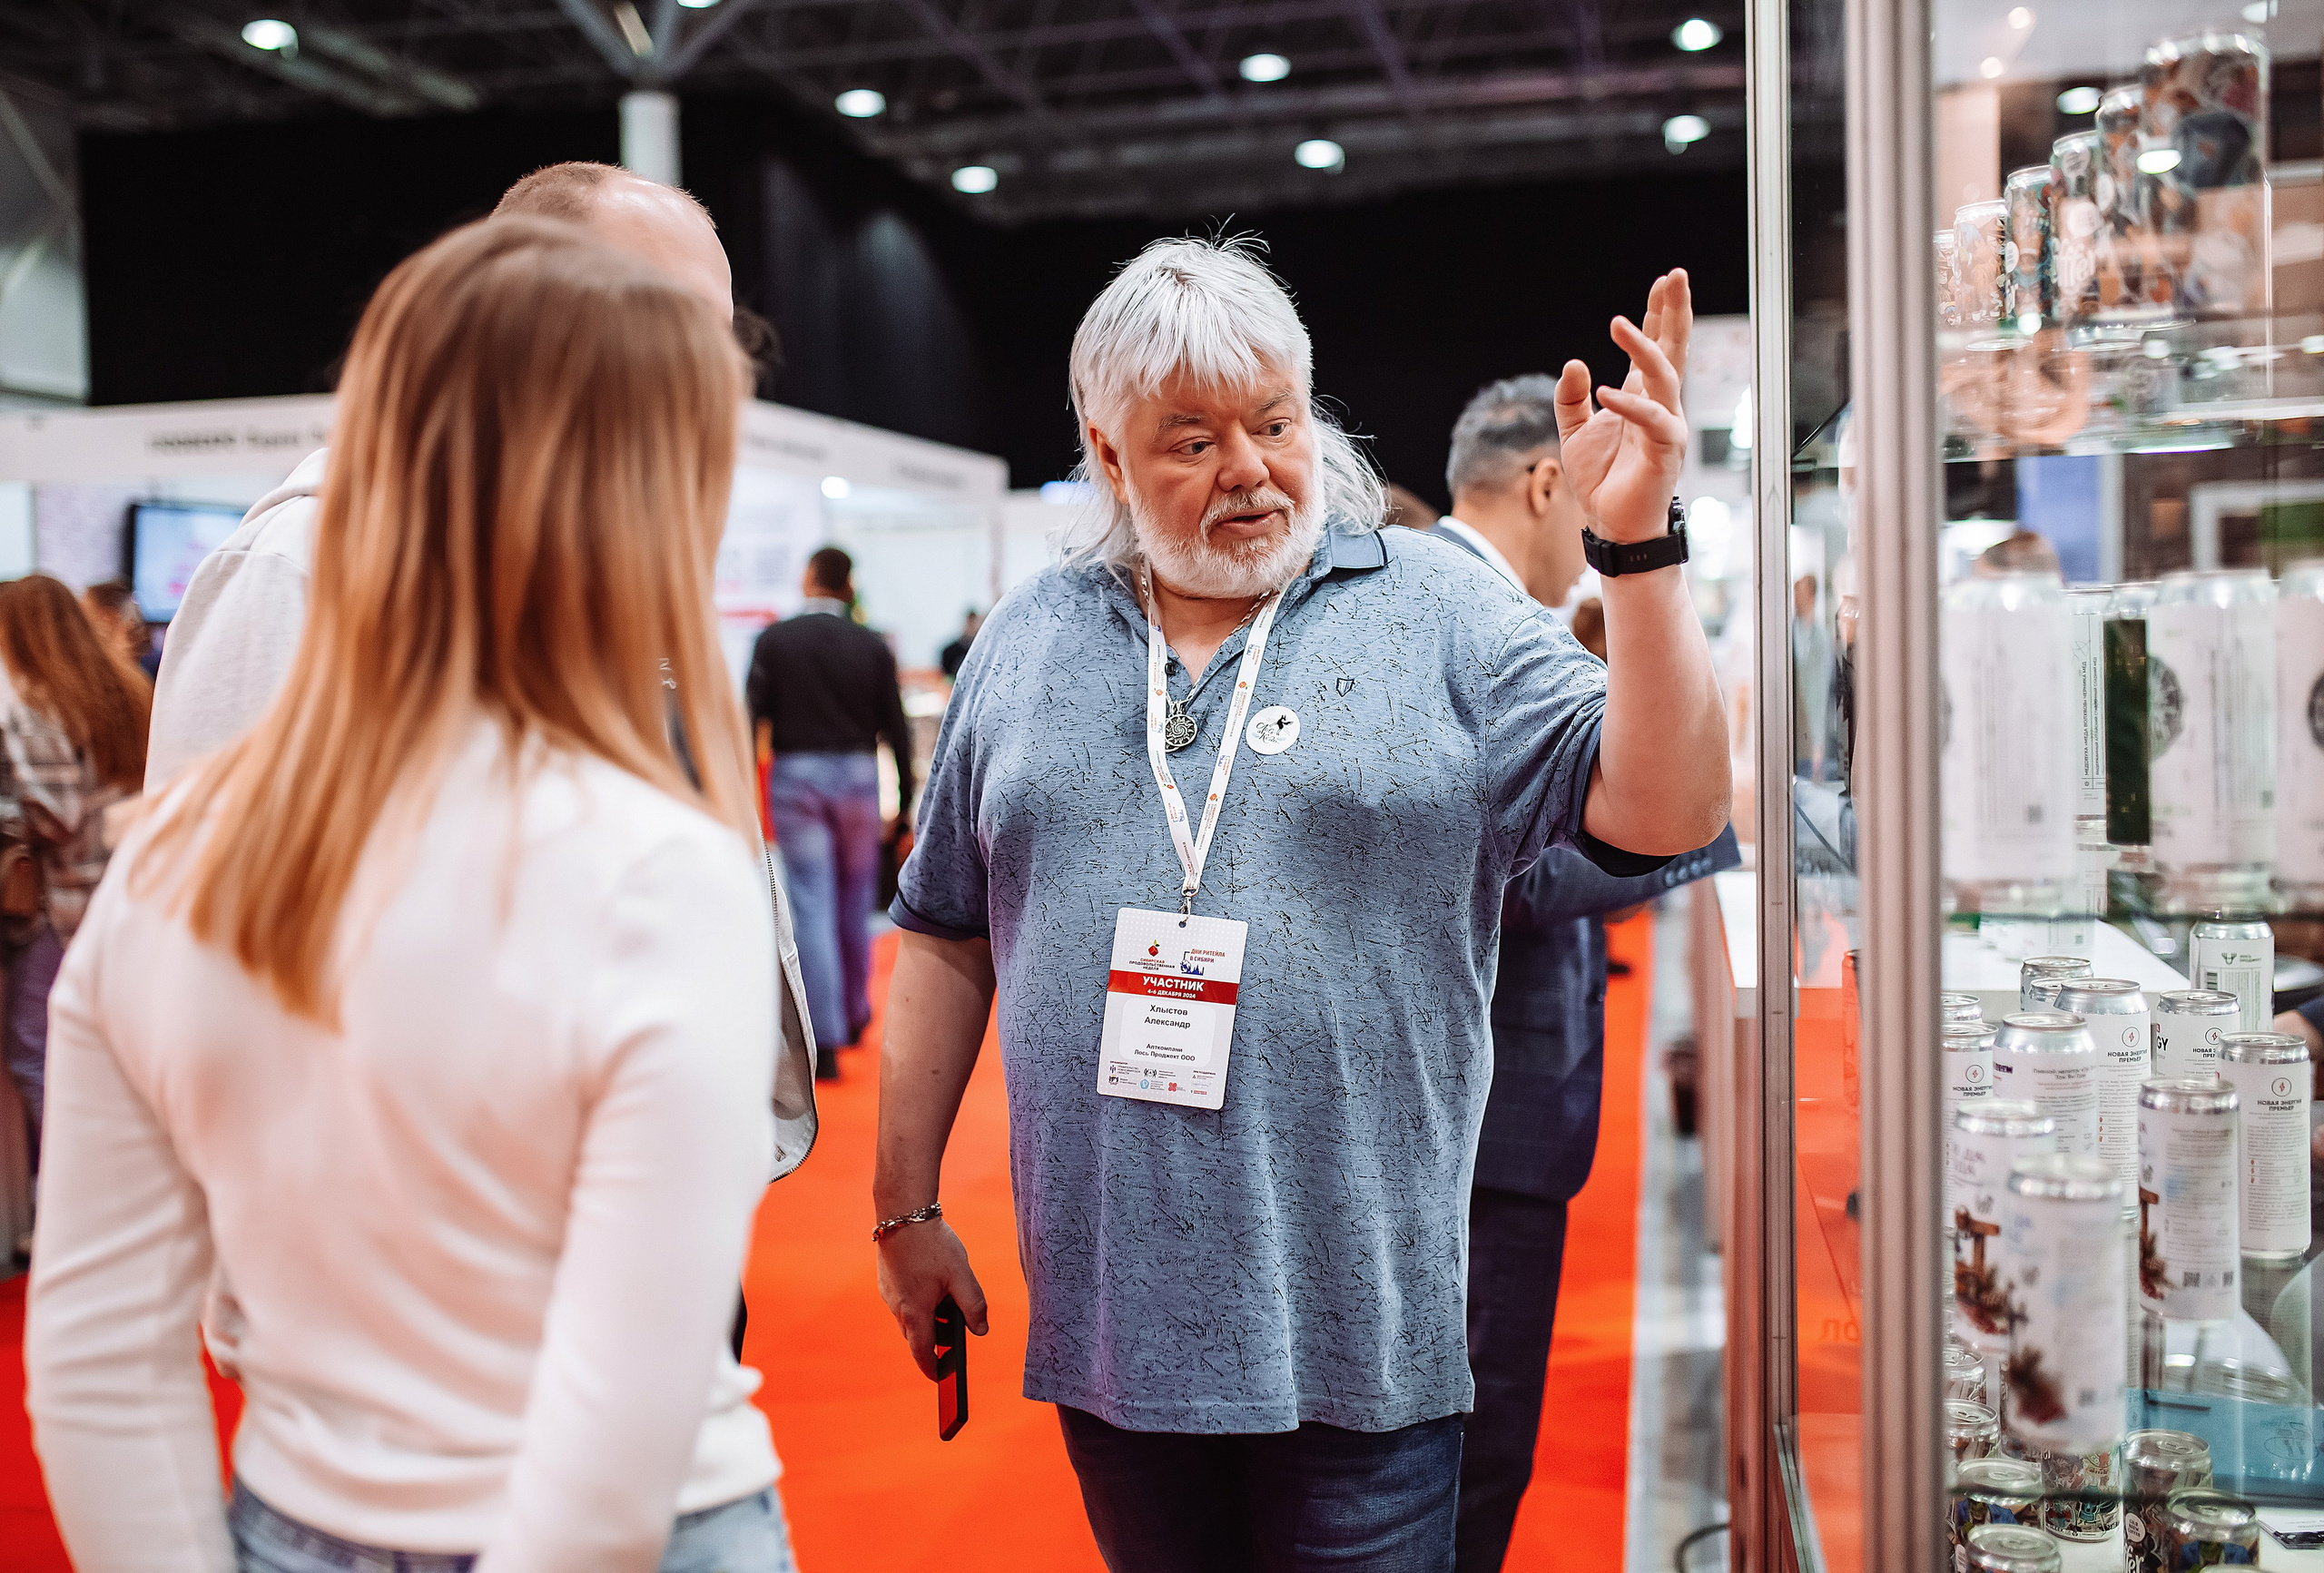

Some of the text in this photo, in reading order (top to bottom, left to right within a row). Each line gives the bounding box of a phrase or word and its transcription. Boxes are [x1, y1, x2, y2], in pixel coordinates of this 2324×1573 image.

[1202, 949, 1226, 958] РИТЕЙЛА
[1128, 960, 1175, 968] ПРОДОВОЛЬСТВЕННАЯ
[1143, 976, 1205, 991] УЧАСТНИК
[1157, 989, 1182, 998] ДЕКАБРЯ
[1149, 1004, 1188, 1016] Хлыстов
[1144, 1017, 1191, 1029] Александр
[1146, 1044, 1183, 1053] Алткомпани
[2130, 1048, 2148, 1057] ЭНЕРГИЯ
[1134, 1048, 1149, 1057] Лось
[1150, 1051, 1179, 1060] Проджект

◇ ◇ ◇ ◇ ◇ ◇ ◇

* _Work instruction_
In the copy, include every record exactly and no pictures at all.

* _Result of the task_
Some of the text in this photo, in reading order (top to bottom, left to right within a row). Each line gives the bounding box of a phrase or word and its transcription. Boxes are [x1, y1, x2, y2], in pixel coordinates of this 2324×1573 image.

[1202, 949, 1226, 958] РИТЕЙЛА
[1128, 960, 1175, 968] ПРОДОВОЛЬСТВЕННАЯ
[1143, 976, 1205, 991] УЧАСТНИК
[1157, 989, 1182, 998] ДЕКАБРЯ
[1149, 1004, 1188, 1016] Хлыстов
[1144, 1017, 1191, 1029] Александр
[1146, 1044, 1183, 1053] Алткомпани
[2130, 1048, 2148, 1057] ЭНЕРГИЯ
[1134, 1048, 1149, 1057] Лось
[1150, 1051, 1179, 1060] Проджект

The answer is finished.